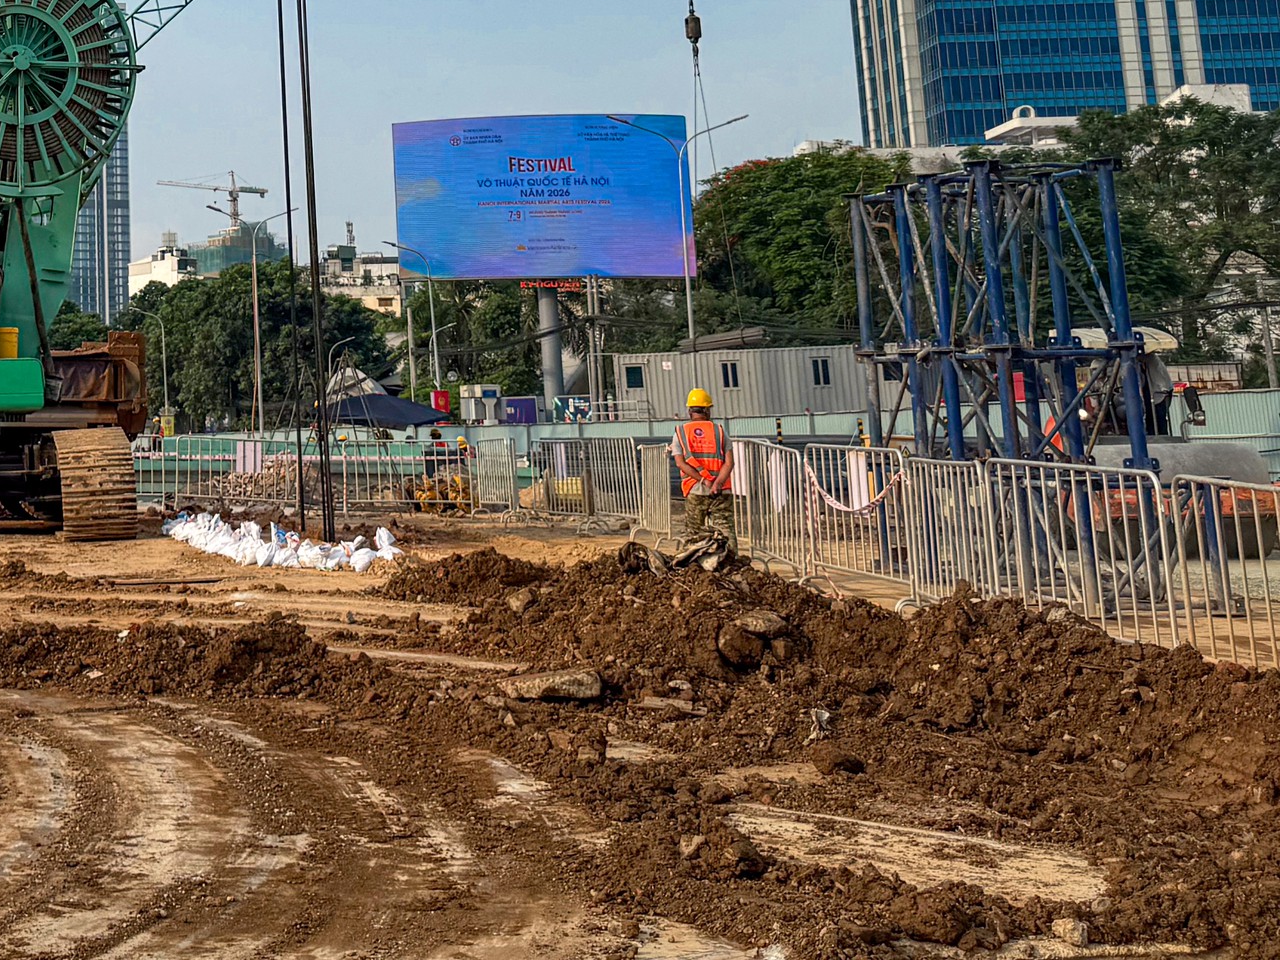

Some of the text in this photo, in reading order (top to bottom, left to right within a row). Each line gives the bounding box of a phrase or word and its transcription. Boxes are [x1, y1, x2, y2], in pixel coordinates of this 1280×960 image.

[508, 156, 576, 173] FESTIVAL
[477, 174, 609, 189] VÕ THUẬT QUỐC TẾ HÀ NỘI
[520, 188, 571, 198] NĂM 2026
[508, 210, 522, 219] 7-9
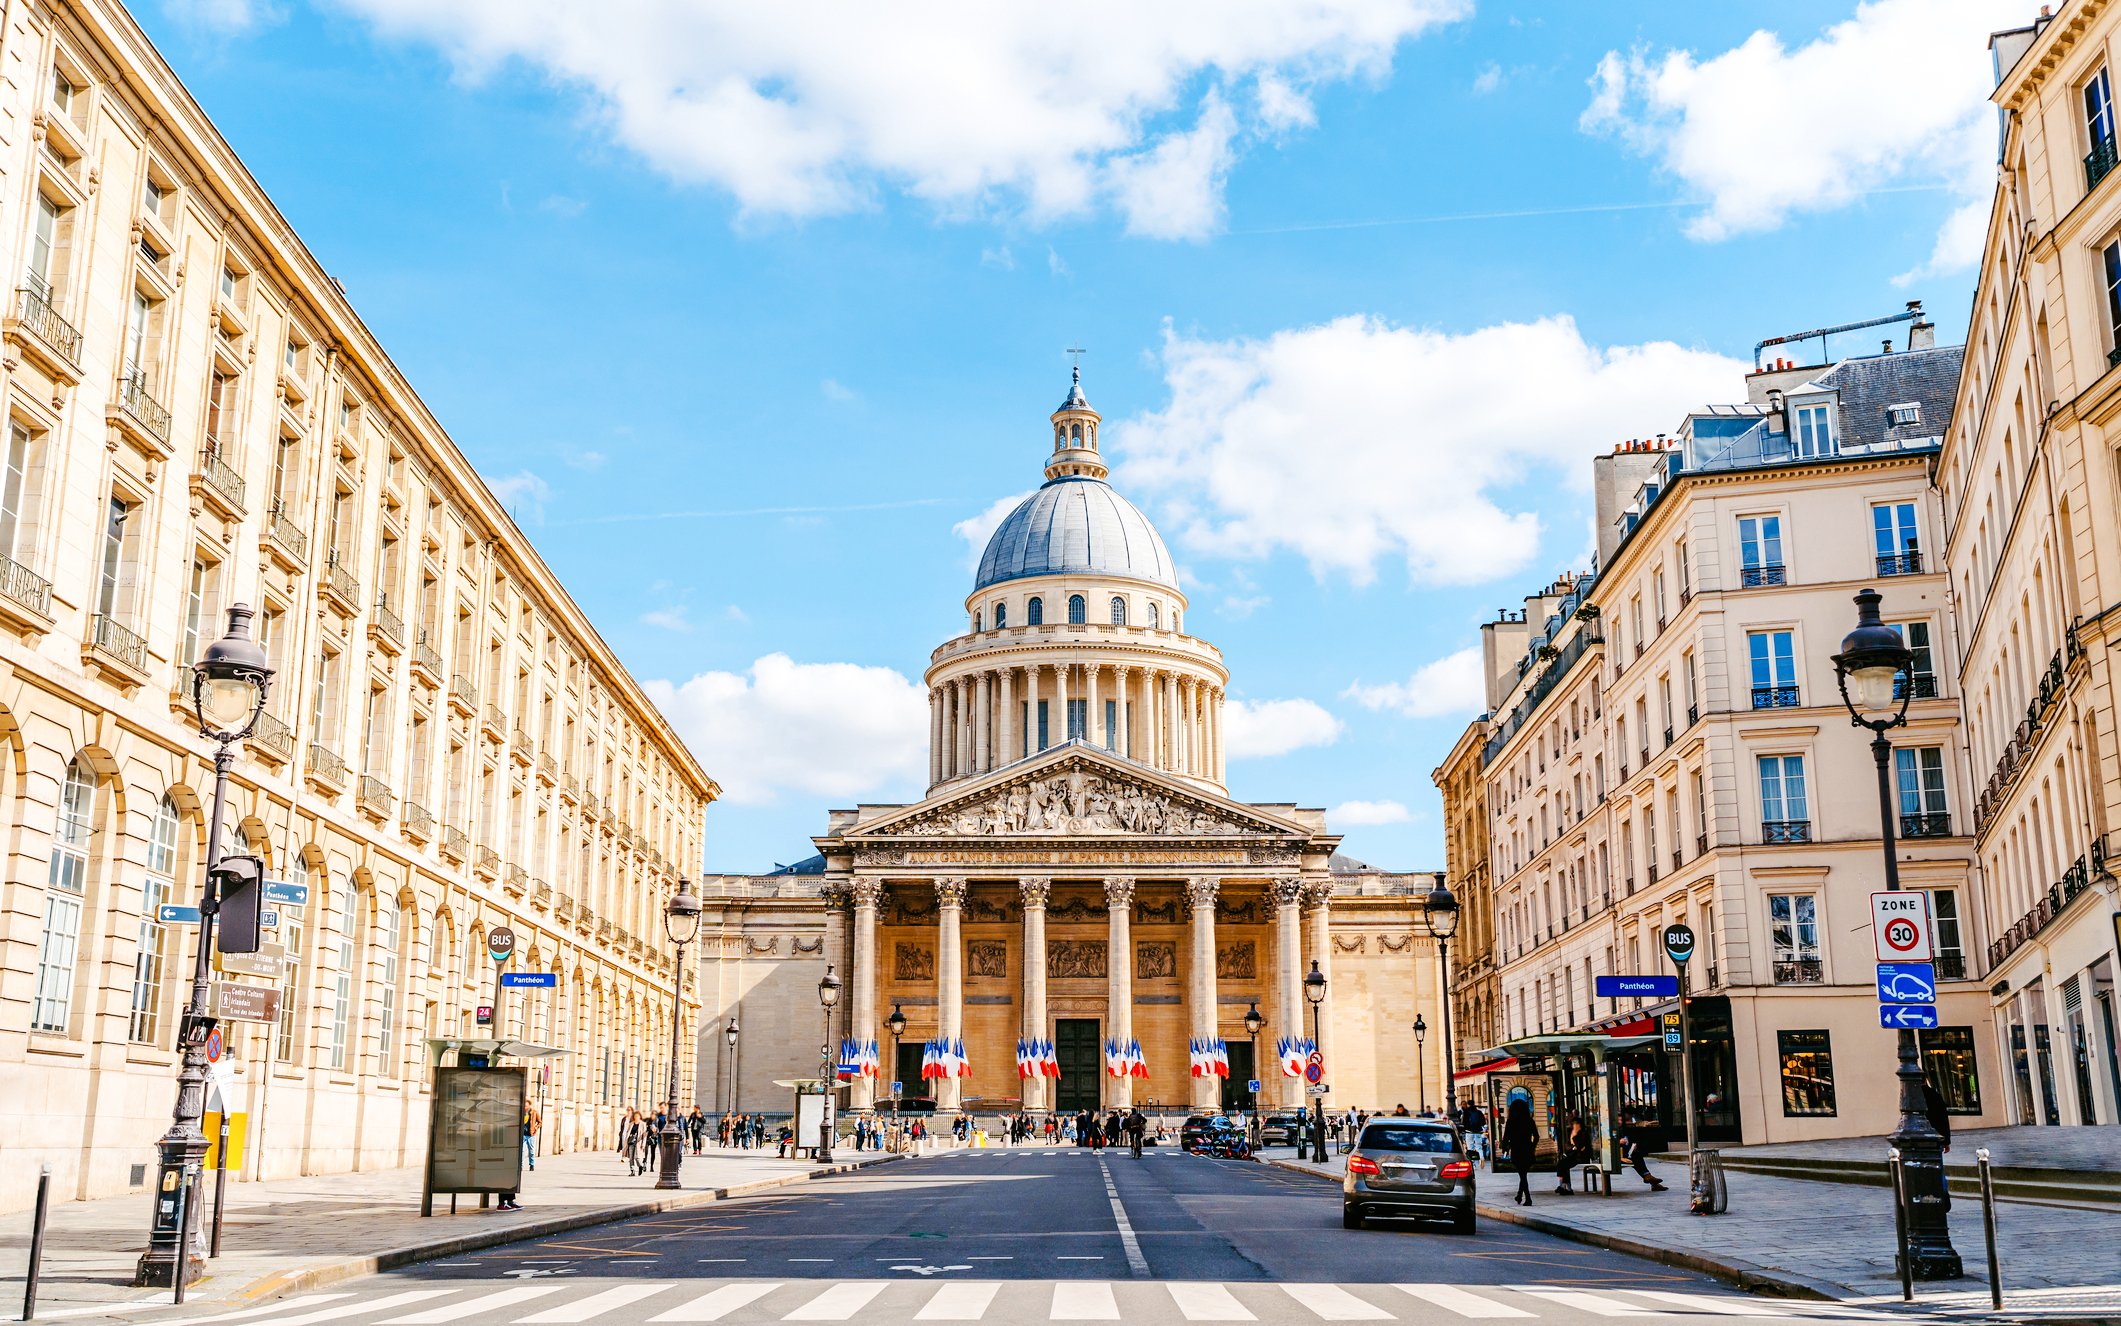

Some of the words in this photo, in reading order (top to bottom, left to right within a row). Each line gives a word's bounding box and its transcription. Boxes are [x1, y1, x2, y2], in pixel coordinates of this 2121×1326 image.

[909, 852, 939, 863] AUX
[939, 852, 993, 863] GRANDS
[995, 852, 1051, 863] HOMMES
[1059, 852, 1075, 863] LA
[1080, 852, 1125, 863] PATRIE
[1129, 852, 1243, 863] RECONNAISSANTE
[1882, 901, 1916, 910] ZONE
[1668, 933, 1690, 945] BUS
[1892, 928, 1912, 941] 30
[492, 935, 511, 945] BUS
[1619, 982, 1655, 990] Panthéon
[231, 987, 246, 996] Centre
[231, 997, 251, 1007] Irlandais
[479, 1008, 490, 1016] 24
[1666, 1015, 1677, 1023] 75
[1667, 1034, 1679, 1043] 89
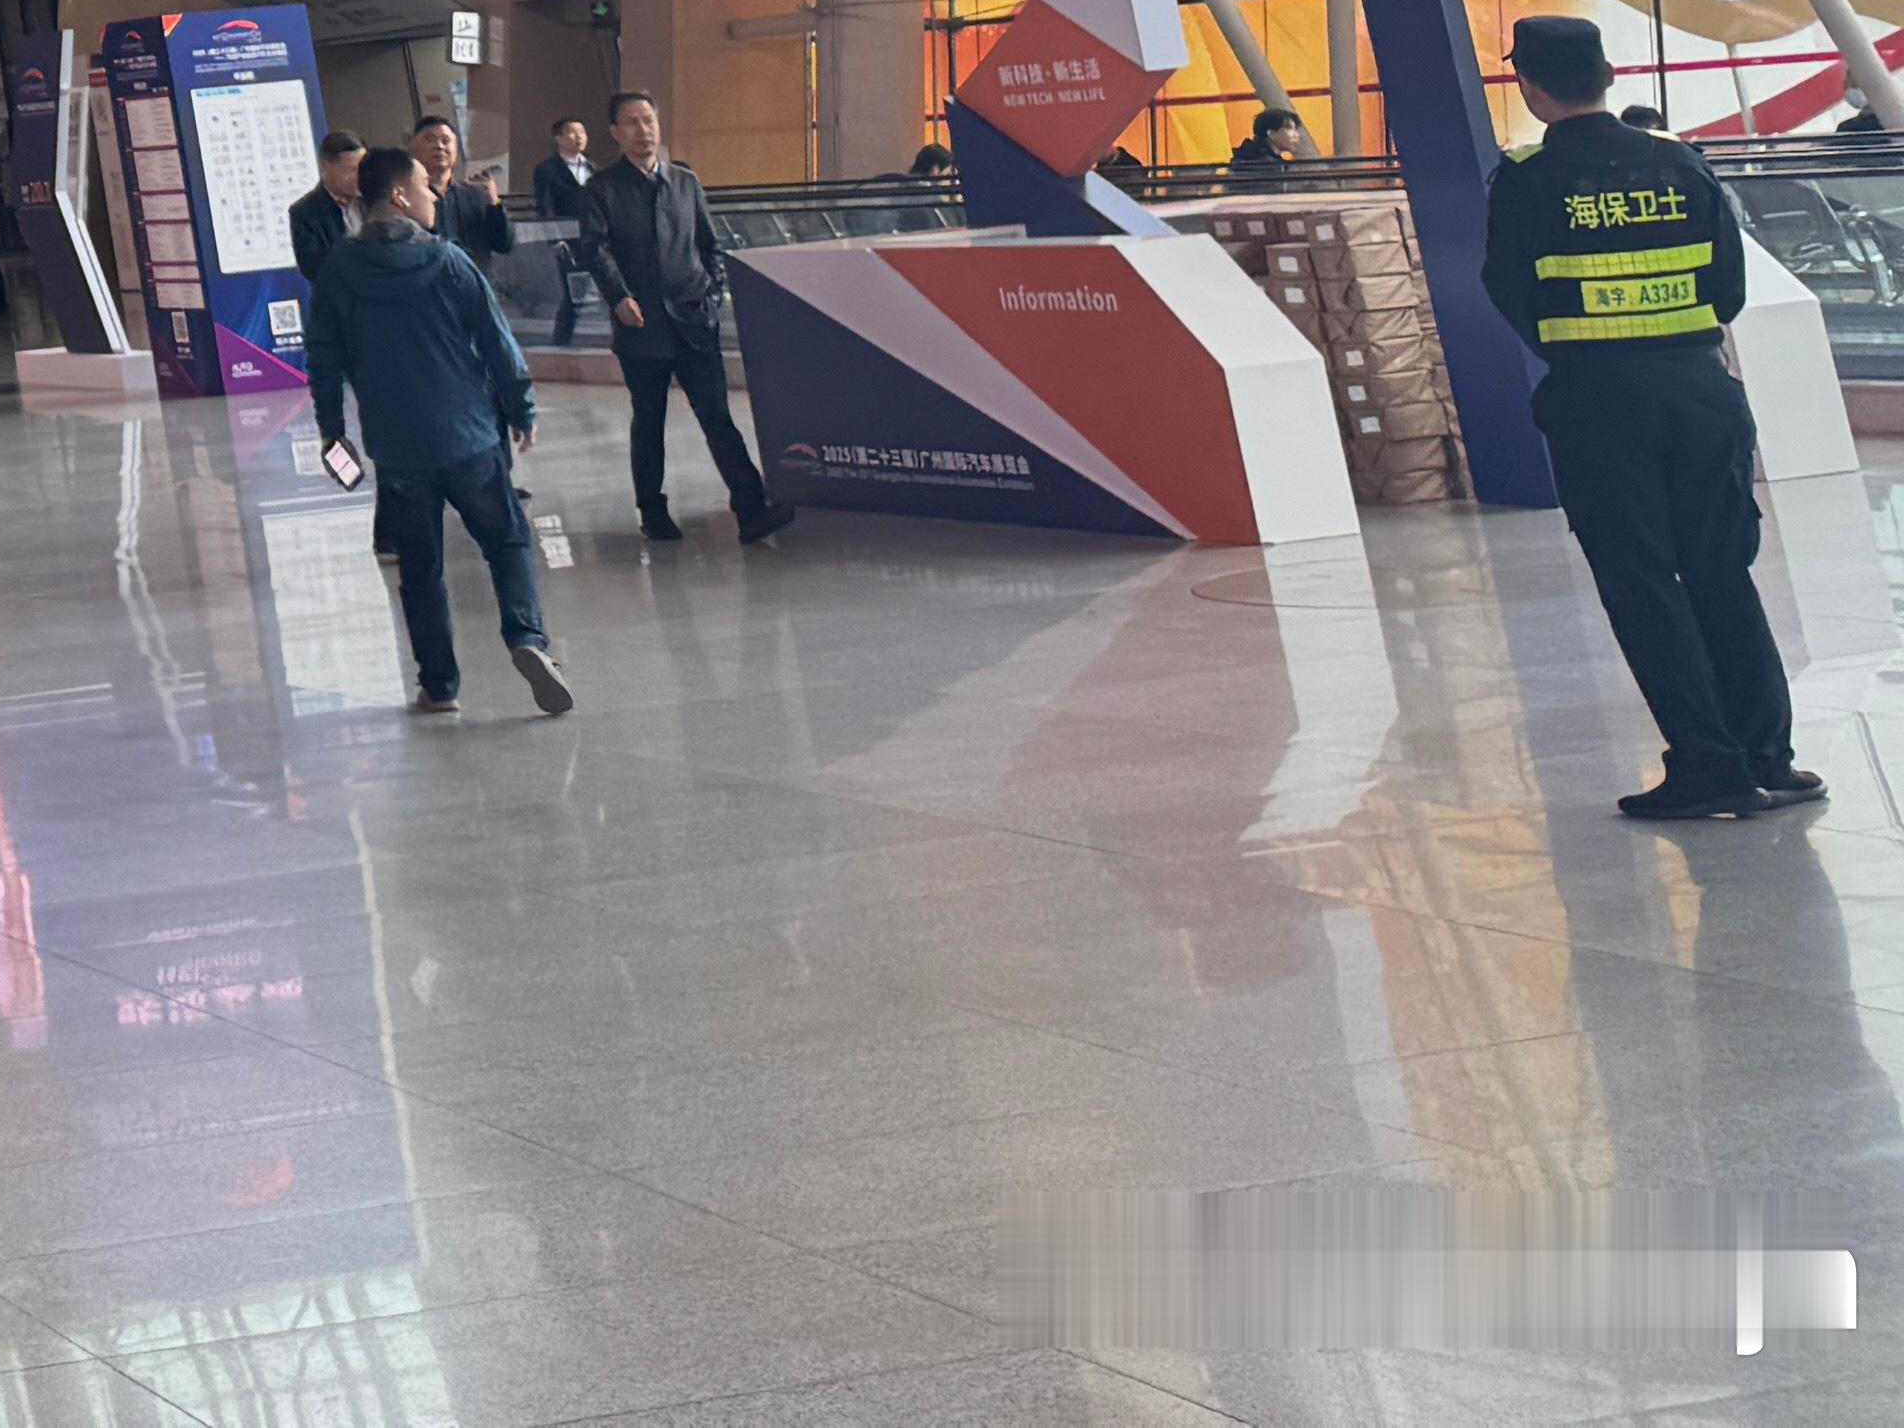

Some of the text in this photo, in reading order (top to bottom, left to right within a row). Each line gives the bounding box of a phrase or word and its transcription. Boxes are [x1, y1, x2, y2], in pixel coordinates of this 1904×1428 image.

[1564, 186, 1688, 230] 海保卫士
[998, 284, 1119, 312] Information
[1639, 281, 1690, 305] A3343

□ □ □ □ □ □ □

_INSTRUCTIONS FOR THE TASK_. Word for word, please reproduce each entry above and leave out every picture.

_EXPECTED ANSWER_.
Some of the text in this photo, in reading order (top to bottom, left to right within a row). Each line gives the bounding box of a phrase or word and its transcription. Boxes are [x1, y1, x2, y2], in pixel coordinates of this 1280×960 image.

[508, 156, 576, 173] FESTIVAL
[477, 174, 609, 189] VÕ THUẬT QUỐC TẾ HÀ NỘI
[520, 188, 571, 198] NĂM 2026
[508, 210, 522, 219] 7-9

Some of the words in this photo, in reading order (top to bottom, left to right within a row). Each line gives a word's bounding box and its transcription. Boxes are [x1, y1, x2, y2], in pixel coordinates of this 2121×1326 image.

[909, 852, 939, 863] AUX
[939, 852, 993, 863] GRANDS
[995, 852, 1051, 863] HOMMES
[1059, 852, 1075, 863] LA
[1080, 852, 1125, 863] PATRIE
[1129, 852, 1243, 863] RECONNAISSANTE
[1882, 901, 1916, 910] ZONE
[1668, 933, 1690, 945] BUS
[1892, 928, 1912, 941] 30
[492, 935, 511, 945] BUS
[1619, 982, 1655, 990] Panthéon
[231, 987, 246, 996] Centre
[231, 997, 251, 1007] Irlandais
[479, 1008, 490, 1016] 24
[1666, 1015, 1677, 1023] 75
[1667, 1034, 1679, 1043] 89

Some of the text in this photo, in reading order (top to bottom, left to right within a row). Each line gives the bounding box of a phrase or word and its transcription. Boxes are [x1, y1, x2, y2], in pixel coordinates of this 1904×1428 image.

[1564, 186, 1688, 230] 海保卫士
[998, 284, 1119, 312] Information
[1639, 281, 1690, 305] A3343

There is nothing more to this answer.